▶ WHAT THIS TASK INVOLVES
Each entry in the block below needs to be copied out exactly.

+ + + + +

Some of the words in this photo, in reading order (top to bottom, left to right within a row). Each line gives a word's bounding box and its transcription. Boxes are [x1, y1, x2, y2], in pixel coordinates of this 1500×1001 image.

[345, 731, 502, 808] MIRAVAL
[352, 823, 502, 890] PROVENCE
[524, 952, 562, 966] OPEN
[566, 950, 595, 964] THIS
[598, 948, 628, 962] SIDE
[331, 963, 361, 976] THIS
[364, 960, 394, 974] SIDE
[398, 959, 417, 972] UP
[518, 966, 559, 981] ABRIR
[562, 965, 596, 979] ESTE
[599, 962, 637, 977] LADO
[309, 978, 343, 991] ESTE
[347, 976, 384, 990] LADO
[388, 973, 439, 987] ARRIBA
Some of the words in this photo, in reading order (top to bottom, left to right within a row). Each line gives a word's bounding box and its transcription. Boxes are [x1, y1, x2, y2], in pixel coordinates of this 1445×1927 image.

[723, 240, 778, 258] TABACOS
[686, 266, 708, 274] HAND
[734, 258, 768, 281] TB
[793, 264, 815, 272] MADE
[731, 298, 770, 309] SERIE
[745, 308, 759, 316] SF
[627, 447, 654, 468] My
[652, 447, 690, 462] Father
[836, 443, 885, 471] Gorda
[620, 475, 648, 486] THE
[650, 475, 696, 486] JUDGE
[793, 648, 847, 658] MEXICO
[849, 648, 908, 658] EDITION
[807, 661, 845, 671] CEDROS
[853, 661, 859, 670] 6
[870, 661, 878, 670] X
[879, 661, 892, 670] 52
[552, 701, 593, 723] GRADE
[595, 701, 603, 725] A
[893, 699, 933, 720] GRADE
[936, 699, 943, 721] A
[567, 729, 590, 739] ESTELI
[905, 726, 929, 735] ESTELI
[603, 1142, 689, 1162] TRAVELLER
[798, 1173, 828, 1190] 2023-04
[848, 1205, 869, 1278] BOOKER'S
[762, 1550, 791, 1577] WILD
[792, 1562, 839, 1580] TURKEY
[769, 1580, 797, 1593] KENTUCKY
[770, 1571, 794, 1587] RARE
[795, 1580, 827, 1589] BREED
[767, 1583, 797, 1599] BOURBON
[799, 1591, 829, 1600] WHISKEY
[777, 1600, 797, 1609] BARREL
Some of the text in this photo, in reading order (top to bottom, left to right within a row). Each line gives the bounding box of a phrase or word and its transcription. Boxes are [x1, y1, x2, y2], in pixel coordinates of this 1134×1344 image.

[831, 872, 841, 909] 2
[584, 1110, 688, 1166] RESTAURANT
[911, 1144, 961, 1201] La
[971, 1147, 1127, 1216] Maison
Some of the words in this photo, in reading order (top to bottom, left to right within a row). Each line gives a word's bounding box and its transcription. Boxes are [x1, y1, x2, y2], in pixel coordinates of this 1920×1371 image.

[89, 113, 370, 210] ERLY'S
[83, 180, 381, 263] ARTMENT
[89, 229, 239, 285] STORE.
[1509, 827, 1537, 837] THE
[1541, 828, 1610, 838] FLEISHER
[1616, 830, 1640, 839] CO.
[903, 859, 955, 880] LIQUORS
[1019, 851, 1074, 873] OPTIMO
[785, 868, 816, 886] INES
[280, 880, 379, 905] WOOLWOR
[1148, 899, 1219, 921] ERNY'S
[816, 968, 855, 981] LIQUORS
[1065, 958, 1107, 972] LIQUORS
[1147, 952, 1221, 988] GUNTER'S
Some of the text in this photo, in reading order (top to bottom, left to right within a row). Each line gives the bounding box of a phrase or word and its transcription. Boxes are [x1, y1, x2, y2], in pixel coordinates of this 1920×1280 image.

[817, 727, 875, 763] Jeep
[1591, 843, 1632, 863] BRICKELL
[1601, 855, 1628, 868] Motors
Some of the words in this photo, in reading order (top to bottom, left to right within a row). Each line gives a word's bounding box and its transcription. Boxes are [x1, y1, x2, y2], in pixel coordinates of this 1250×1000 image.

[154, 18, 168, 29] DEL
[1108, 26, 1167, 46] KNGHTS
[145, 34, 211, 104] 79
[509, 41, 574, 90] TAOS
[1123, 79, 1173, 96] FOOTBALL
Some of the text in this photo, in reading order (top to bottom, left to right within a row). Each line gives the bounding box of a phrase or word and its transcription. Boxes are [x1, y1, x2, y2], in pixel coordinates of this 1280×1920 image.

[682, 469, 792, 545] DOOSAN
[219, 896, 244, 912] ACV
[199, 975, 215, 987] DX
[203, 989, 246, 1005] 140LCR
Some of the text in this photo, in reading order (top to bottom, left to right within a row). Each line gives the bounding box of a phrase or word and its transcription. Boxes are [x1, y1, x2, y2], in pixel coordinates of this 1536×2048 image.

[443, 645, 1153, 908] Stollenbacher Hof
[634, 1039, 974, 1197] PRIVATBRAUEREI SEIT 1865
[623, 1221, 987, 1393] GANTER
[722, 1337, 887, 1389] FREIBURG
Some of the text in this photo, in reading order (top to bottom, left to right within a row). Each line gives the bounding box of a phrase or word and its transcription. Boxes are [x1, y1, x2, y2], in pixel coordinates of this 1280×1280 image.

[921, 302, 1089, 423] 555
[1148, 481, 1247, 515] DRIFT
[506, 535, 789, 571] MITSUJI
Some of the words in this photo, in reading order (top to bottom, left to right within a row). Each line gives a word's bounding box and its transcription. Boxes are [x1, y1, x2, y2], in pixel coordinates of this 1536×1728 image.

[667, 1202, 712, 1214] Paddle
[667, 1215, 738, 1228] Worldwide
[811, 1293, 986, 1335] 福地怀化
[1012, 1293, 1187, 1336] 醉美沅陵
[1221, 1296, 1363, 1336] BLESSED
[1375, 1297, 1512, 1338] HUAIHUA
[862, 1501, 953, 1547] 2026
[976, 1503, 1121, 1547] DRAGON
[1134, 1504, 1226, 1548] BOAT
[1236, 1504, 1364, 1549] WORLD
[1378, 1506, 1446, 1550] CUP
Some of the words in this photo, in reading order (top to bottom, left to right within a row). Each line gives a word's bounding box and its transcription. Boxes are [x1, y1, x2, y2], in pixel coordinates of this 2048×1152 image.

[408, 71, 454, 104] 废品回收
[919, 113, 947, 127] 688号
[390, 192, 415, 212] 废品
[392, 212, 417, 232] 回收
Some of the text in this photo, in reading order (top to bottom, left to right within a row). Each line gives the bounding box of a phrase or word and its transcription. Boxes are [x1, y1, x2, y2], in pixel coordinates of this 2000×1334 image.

+ + + + +

▶ YOUR SOLUTION
Some of the words in this photo, in reading order (top to bottom, left to right within a row). Each line gives a word's bounding box and its transcription. Boxes are [x1, y1, x2, y2], in pixel coordinates of this 1500×1001 image.

[345, 731, 502, 808] MIRAVAL
[352, 823, 502, 890] PROVENCE
[524, 952, 562, 966] OPEN
[566, 950, 595, 964] THIS
[598, 948, 628, 962] SIDE
[331, 963, 361, 976] THIS
[364, 960, 394, 974] SIDE
[398, 959, 417, 972] UP
[518, 966, 559, 981] ABRIR
[562, 965, 596, 979] ESTE
[599, 962, 637, 977] LADO
[309, 978, 343, 991] ESTE
[347, 976, 384, 990] LADO
[388, 973, 439, 987] ARRIBA
Some of the words in this photo, in reading order (top to bottom, left to right within a row). Each line gives a word's bounding box and its transcription. Boxes are [x1, y1, x2, y2], in pixel coordinates of this 1445×1927 image.

[723, 240, 778, 258] TABACOS
[686, 266, 708, 274] HAND
[734, 258, 768, 281] TB
[793, 264, 815, 272] MADE
[731, 298, 770, 309] SERIE
[745, 308, 759, 316] SF
[627, 447, 654, 468] My
[652, 447, 690, 462] Father
[836, 443, 885, 471] Gorda
[620, 475, 648, 486] THE
[650, 475, 696, 486] JUDGE
[793, 648, 847, 658] MEXICO
[849, 648, 908, 658] EDITION
[807, 661, 845, 671] CEDROS
[853, 661, 859, 670] 6
[870, 661, 878, 670] X
[879, 661, 892, 670] 52
[552, 701, 593, 723] GRADE
[595, 701, 603, 725] A
[893, 699, 933, 720] GRADE
[936, 699, 943, 721] A
[567, 729, 590, 739] ESTELI
[905, 726, 929, 735] ESTELI
[603, 1142, 689, 1162] TRAVELLER
[798, 1173, 828, 1190] 2023-04
[848, 1205, 869, 1278] BOOKER'S
[762, 1550, 791, 1577] WILD
[792, 1562, 839, 1580] TURKEY
[769, 1580, 797, 1593] KENTUCKY
[770, 1571, 794, 1587] RARE
[795, 1580, 827, 1589] BREED
[767, 1583, 797, 1599] BOURBON
[799, 1591, 829, 1600] WHISKEY
[777, 1600, 797, 1609] BARREL
Some of the text in this photo, in reading order (top to bottom, left to right within a row). Each line gives the bounding box of a phrase or word and its transcription. Boxes are [x1, y1, x2, y2], in pixel coordinates of this 1134×1344 image.

[831, 872, 841, 909] 2
[584, 1110, 688, 1166] RESTAURANT
[911, 1144, 961, 1201] La
[971, 1147, 1127, 1216] Maison
Some of the words in this photo, in reading order (top to bottom, left to right within a row). Each line gives a word's bounding box and its transcription. Boxes are [x1, y1, x2, y2], in pixel coordinates of this 1920×1371 image.

[89, 113, 370, 210] ERLY'S
[83, 180, 381, 263] ARTMENT
[89, 229, 239, 285] STORE.
[1509, 827, 1537, 837] THE
[1541, 828, 1610, 838] FLEISHER
[1616, 830, 1640, 839] CO.
[903, 859, 955, 880] LIQUORS
[1019, 851, 1074, 873] OPTIMO
[785, 868, 816, 886] INES
[280, 880, 379, 905] WOOLWOR
[1148, 899, 1219, 921] ERNY'S
[816, 968, 855, 981] LIQUORS
[1065, 958, 1107, 972] LIQUORS
[1147, 952, 1221, 988] GUNTER'S
Some of the text in this photo, in reading order (top to bottom, left to right within a row). Each line gives the bounding box of a phrase or word and its transcription. Boxes are [x1, y1, x2, y2], in pixel coordinates of this 1920×1280 image.

[817, 727, 875, 763] Jeep
[1591, 843, 1632, 863] BRICKELL
[1601, 855, 1628, 868] Motors
Some of the words in this photo, in reading order (top to bottom, left to right within a row). Each line gives a word's bounding box and its transcription. Boxes are [x1, y1, x2, y2], in pixel coordinates of this 1250×1000 image.

[154, 18, 168, 29] DEL
[1108, 26, 1167, 46] KNGHTS
[145, 34, 211, 104] 79
[509, 41, 574, 90] TAOS
[1123, 79, 1173, 96] FOOTBALL
Some of the text in this photo, in reading order (top to bottom, left to right within a row). Each line gives the bounding box of a phrase or word and its transcription. Boxes are [x1, y1, x2, y2], in pixel coordinates of this 1280×1920 image.

[682, 469, 792, 545] DOOSAN
[219, 896, 244, 912] ACV
[199, 975, 215, 987] DX
[203, 989, 246, 1005] 140LCR
Some of the text in this photo, in reading order (top to bottom, left to right within a row). Each line gives the bounding box of a phrase or word and its transcription. Boxes are [x1, y1, x2, y2], in pixel coordinates of this 1536×2048 image.

[443, 645, 1153, 908] Stollenbacher Hof
[634, 1039, 974, 1197] PRIVATBRAUEREI SEIT 1865
[623, 1221, 987, 1393] GANTER
[722, 1337, 887, 1389] FREIBURG
Some of the text in this photo, in reading order (top to bottom, left to right within a row). Each line gives the bounding box of a phrase or word and its transcription. Boxes are [x1, y1, x2, y2], in pixel coordinates of this 1280×1280 image.

[921, 302, 1089, 423] 555
[1148, 481, 1247, 515] DRIFT
[506, 535, 789, 571] MITSUJI
Some of the words in this photo, in reading order (top to bottom, left to right within a row). Each line gives a word's bounding box and its transcription. Boxes are [x1, y1, x2, y2], in pixel coordinates of this 1536×1728 image.

[667, 1202, 712, 1214] Paddle
[667, 1215, 738, 1228] Worldwide
[811, 1293, 986, 1335] 福地怀化
[1012, 1293, 1187, 1336] 醉美沅陵
[1221, 1296, 1363, 1336] BLESSED
[1375, 1297, 1512, 1338] HUAIHUA
[862, 1501, 953, 1547] 2026
[976, 1503, 1121, 1547] DRAGON
[1134, 1504, 1226, 1548] BOAT
[1236, 1504, 1364, 1549] WORLD
[1378, 1506, 1446, 1550] CUP
Some of the words in this photo, in reading order (top to bottom, left to right within a row). Each line gives a word's bounding box and its transcription. Boxes are [x1, y1, x2, y2], in pixel coordinates of this 2048×1152 image.

[408, 71, 454, 104] 废品回收
[919, 113, 947, 127] 688号
[390, 192, 415, 212] 废品
[392, 212, 417, 232] 回收
Some of the text in this photo, in reading order (top to bottom, left to right within a row). Each line gives the bounding box of a phrase or word and its transcription. Boxes are [x1, y1, x2, y2], in pixel coordinates of this 2000×1334 image.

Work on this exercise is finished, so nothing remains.